The unofficial strange AI benchmark list is growing.
For the past few days, some of the X’s AI community was absorbed in testing how various AI models, especially the so -called inference models, processing such a prompt. 。 Rotate the shape slowly and make sure that the ball remains in the shape. “
Some models are better managed with this “rotated ball” benchmark than other models. According to one user of X, R1, which is freely available in AI Lab Deepseek in China, has swept the floor in O1 Pro mode, O1 Pro mode of $ 200 per month, as part of the Openai Chatgpt Pro plan.

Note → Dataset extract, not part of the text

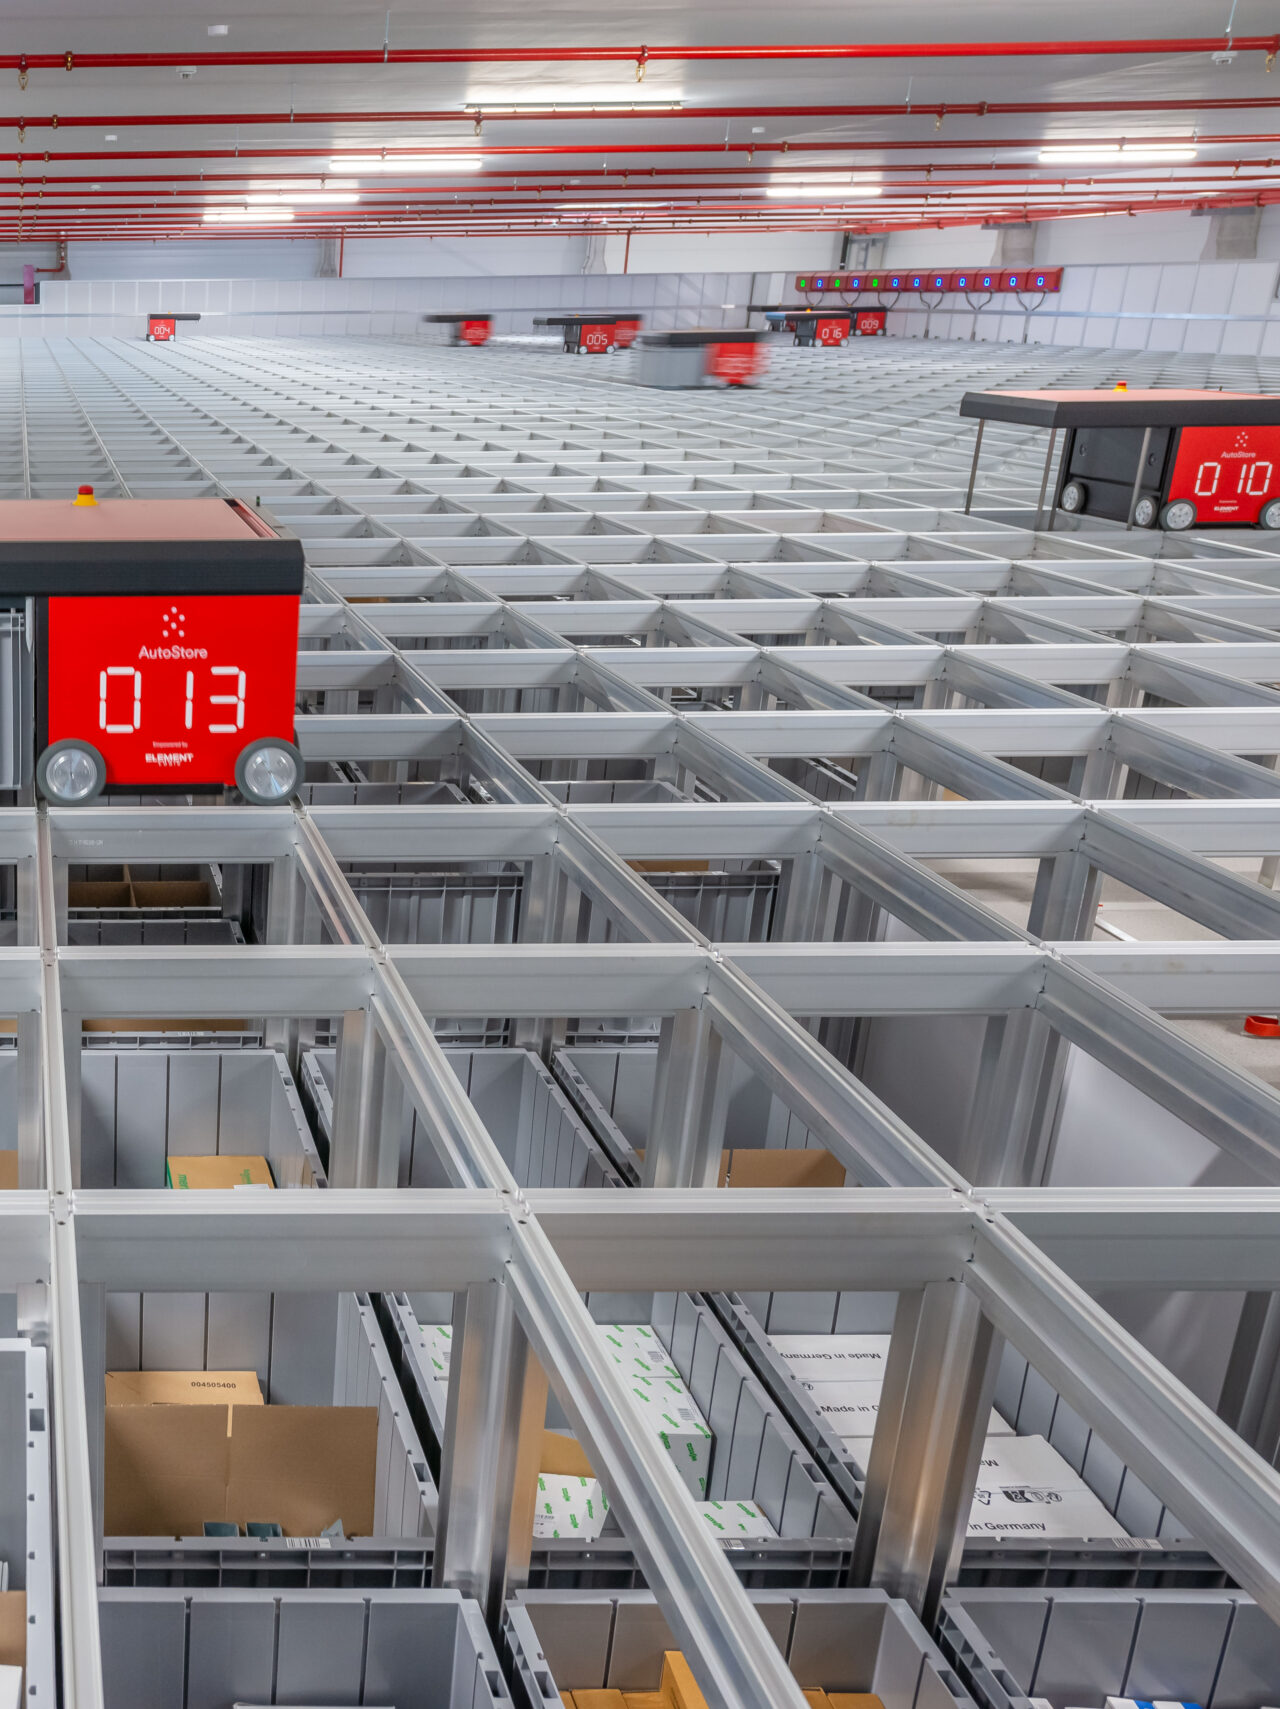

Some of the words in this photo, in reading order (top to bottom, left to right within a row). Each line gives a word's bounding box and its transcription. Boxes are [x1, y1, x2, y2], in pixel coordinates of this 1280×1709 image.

👀 DeepSeek R1 (right) Pulverine O1-PRO (left) 👀
Prompt: “Write a Python script to bounce a yellow ball in a square, and process the collision detection properly. Rotate the square slowly. Mounting in Python. Confirm that the ball is a square. Pic.twitter.com/3sad9efpez
-Ivan fioravantiᯅ (@ivanfioRavanti) January 22, 2025
According to another X poster, Anthropic Claude 3.5 Sonnet and Google’s Gemini 1.5 Pro model misunderstood physics, and the ball escaped the shape. Other users reported that Google’s Gemini 2.0 Flash Thinking Expertional and Openai’s old GPT-4O have repeatedly evaluated at once.
Test 9 AI models in the physical simulation task: rotating triangle +bounce ball. result:
Deepseek-R1
🥈 Sonar giant
GPT-4Oworst? Openai O1: I completely misunderstood the task
The first line of the video below = inference model, REST = base model. pic.twitter.com/eoyrhvnazr
-Aadhithya D (@aadhithya_d2003) January 22, 2025
But what can AI can codish or cannot code?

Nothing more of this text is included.